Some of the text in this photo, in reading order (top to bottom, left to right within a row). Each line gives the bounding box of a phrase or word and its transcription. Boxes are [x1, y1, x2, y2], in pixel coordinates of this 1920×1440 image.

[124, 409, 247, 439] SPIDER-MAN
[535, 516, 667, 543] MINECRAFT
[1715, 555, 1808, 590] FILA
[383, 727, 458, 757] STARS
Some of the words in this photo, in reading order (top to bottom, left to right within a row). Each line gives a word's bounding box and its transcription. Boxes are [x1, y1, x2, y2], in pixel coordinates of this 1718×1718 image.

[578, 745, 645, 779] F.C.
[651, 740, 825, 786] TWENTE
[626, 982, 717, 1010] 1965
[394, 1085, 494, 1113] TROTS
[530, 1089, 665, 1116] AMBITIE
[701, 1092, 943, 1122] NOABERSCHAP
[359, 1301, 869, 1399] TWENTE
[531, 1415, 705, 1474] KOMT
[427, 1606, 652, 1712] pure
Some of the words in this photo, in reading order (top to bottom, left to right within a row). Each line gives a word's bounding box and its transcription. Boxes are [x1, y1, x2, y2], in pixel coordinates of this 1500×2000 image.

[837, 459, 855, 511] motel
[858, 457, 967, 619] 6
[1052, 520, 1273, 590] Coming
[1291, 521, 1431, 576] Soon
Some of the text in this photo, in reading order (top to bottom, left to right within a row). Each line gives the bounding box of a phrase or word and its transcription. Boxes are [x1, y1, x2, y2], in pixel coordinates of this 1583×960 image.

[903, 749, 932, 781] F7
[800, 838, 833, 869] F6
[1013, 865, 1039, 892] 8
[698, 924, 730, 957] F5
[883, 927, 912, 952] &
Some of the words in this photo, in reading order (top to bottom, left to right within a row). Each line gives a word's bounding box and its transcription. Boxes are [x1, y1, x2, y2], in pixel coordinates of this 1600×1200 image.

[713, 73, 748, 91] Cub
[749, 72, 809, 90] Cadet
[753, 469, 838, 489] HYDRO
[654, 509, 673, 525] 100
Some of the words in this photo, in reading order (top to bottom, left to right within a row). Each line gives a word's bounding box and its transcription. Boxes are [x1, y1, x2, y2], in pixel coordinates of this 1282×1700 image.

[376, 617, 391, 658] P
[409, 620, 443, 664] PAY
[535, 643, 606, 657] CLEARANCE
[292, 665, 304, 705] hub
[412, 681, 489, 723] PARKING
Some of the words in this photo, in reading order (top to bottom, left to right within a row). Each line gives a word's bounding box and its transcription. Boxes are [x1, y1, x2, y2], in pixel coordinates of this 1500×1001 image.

TASK ITEM:
Line by line, repeat the listing exactly as written.

RESPONSE TO THIS TASK:
Some of the text in this photo, in reading order (top to bottom, left to right within a row). Each line gives the bounding box of a phrase or word and its transcription. Boxes are [x1, y1, x2, y2], in pixel coordinates of this 1920×1440 image.

[124, 409, 247, 439] SPIDER-MAN
[535, 516, 667, 543] MINECRAFT
[1715, 555, 1808, 590] FILA
[383, 727, 458, 757] STARS
Some of the words in this photo, in reading order (top to bottom, left to right within a row). Each line gives a word's bounding box and its transcription. Boxes are [x1, y1, x2, y2], in pixel coordinates of this 1718×1718 image.

[578, 745, 645, 779] F.C.
[651, 740, 825, 786] TWENTE
[626, 982, 717, 1010] 1965
[394, 1085, 494, 1113] TROTS
[530, 1089, 665, 1116] AMBITIE
[701, 1092, 943, 1122] NOABERSCHAP
[359, 1301, 869, 1399] TWENTE
[531, 1415, 705, 1474] KOMT
[427, 1606, 652, 1712] pure
Some of the words in this photo, in reading order (top to bottom, left to right within a row). Each line gives a word's bounding box and its transcription. Boxes are [x1, y1, x2, y2], in pixel coordinates of this 1500×2000 image.

[837, 459, 855, 511] motel
[858, 457, 967, 619] 6
[1052, 520, 1273, 590] Coming
[1291, 521, 1431, 576] Soon
Some of the text in this photo, in reading order (top to bottom, left to right within a row). Each line gives the bounding box of a phrase or word and its transcription. Boxes are [x1, y1, x2, y2], in pixel coordinates of this 1583×960 image.

[903, 749, 932, 781] F7
[800, 838, 833, 869] F6
[1013, 865, 1039, 892] 8
[698, 924, 730, 957] F5
[883, 927, 912, 952] &
Some of the words in this photo, in reading order (top to bottom, left to right within a row). Each line gives a word's bounding box and its transcription. Boxes are [x1, y1, x2, y2], in pixel coordinates of this 1600×1200 image.

[713, 73, 748, 91] Cub
[749, 72, 809, 90] Cadet
[753, 469, 838, 489] HYDRO
[654, 509, 673, 525] 100
Some of the words in this photo, in reading order (top to bottom, left to right within a row). Each line gives a word's bounding box and its transcription. Boxes are [x1, y1, x2, y2], in pixel coordinates of this 1282×1700 image.

[376, 617, 391, 658] P
[409, 620, 443, 664] PAY
[535, 643, 606, 657] CLEARANCE
[292, 665, 304, 705] hub
[412, 681, 489, 723] PARKING
Some of the words in this photo, in reading order (top to bottom, left to right within a row). Each line gives a word's bounding box and its transcription. Boxes are [x1, y1, x2, y2], in pixel coordinates of this 1500×1001 image.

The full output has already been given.